Calcium and vitamin D play key roles in bone health, and getting the right amounts can make a world of difference in preventing fractures, falls, and other bone-related issues as they age.

Why Calcium and Vitamin D Matter for Bone Health
Calcium is one of the main building blocks of bone. But its role goes beyond just bones! It’s also crucial for muscle function, heart health, and nerve function. Since our bodies don't produce calcium on their own, we rely on getting it from our diet. But calcium needs a little help! Vitamin D is the sidekick that helps your body absorb calcium effectively from food. Together, these two nutrients help keep bones healthy and reduce the risk of fractures, something that’s especially important for older adults who are prone to falls.
How Much Calcium Do Older Adults Need?
Let’s get into the specifics. Here’s what the experts recommend:
For Men:
Aged 51-70: 1,000 mg of calcium daily
Aged 71+: 1,200 mg of calcium daily
Maximum: 2,000 mg per day
For Women:
Aged 51 and older: 1,200 mg of calcium daily
Maximum: 2,000 mg per day
Make sure to follow these guidelines and avoid going over the maximum daily limit. More is not always better, and excessive calcium intake can lead to kidney stones or other issues.
Calcium can be found in a variety of delicious foods! If your loved one prefers to get calcium from food, try these options:
Dairy products: Milk, yogurt, cheese
Green leafy vegetables: Broccoli, kale (spinach is high in oxalates and may reduce calcium absorption)
Fortified foods: Such as fortified orange juice or plant-based milks
Nuts: Almonds are a great source
Fish: Sardines and other fish with edible bones
Now, let’s talk about vitamin D, the nutrient that helps calcium do its job!
For Men:
Aged 51-70: 15 mcg (600 IU) daily
Aged 71+: 20 mcg (800 IU) daily
Maximum: 100 mcg (4,000 IU) per day
For Women:
Aged 51-70: 15 mcg (600 IU) daily
Aged 71+: 20 mcg (800 IU) daily
Maximum: 100 mcg (4,000 IU) per day
Again, make sure to stay within the recommended range to avoid any potential harm.
Here are some foods that can help boost vitamin D levels:
Fatty fish: Salmon, mackerel, sardines
Fish liver oils: Cod liver oil, for example
Fortified foods: Milk, dairy products, fortified cereals
While calcium and vitamin D are vital for bone health, they work best when combined with a well-rounded diet.

The Importance of Balanced Nutrition
While calcium and vitamin D are vital for bone health, they work best when combined with a well-rounded diet.

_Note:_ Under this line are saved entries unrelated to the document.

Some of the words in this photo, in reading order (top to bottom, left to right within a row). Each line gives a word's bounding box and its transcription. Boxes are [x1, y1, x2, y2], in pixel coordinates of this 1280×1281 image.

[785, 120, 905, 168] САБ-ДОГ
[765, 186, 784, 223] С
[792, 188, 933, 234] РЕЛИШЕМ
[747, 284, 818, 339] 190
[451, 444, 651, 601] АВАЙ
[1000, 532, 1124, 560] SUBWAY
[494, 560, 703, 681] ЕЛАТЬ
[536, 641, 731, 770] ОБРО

For example, getting enough protein is just as important for healthy bones. In fact, about 50% of bone is made of protein!
Protein helps maintain bone structure and function, and studies have shown that low protein intake can reduce calcium absorption, which can negatively impact bone formation and breakdown.

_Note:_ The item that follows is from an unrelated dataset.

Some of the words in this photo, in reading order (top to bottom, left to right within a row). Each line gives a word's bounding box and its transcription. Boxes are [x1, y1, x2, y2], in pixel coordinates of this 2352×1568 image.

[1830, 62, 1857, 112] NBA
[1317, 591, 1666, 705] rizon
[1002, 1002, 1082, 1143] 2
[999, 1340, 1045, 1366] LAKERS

However, there's no clear consensus among experts about exactly how much protein we should consume. Commonly recommended amounts are:
56 grams per day for men
46 grams per day for women
For an active person, about 10% of daily calories should come from protein.
The general consensus is that as we age, ensuring sufficient protein intake is critical to maintaining muscle mass and strength, which is vital for bone health.
Final Thoughts
For family caregivers, keeping track of calcium and vitamin D intake doesn’t have to be overwhelming. Start by focusing on incorporating good dietary sources of these nutrients into your loved one's meals. And remember, always follow the recommended daily intake to ensure safety.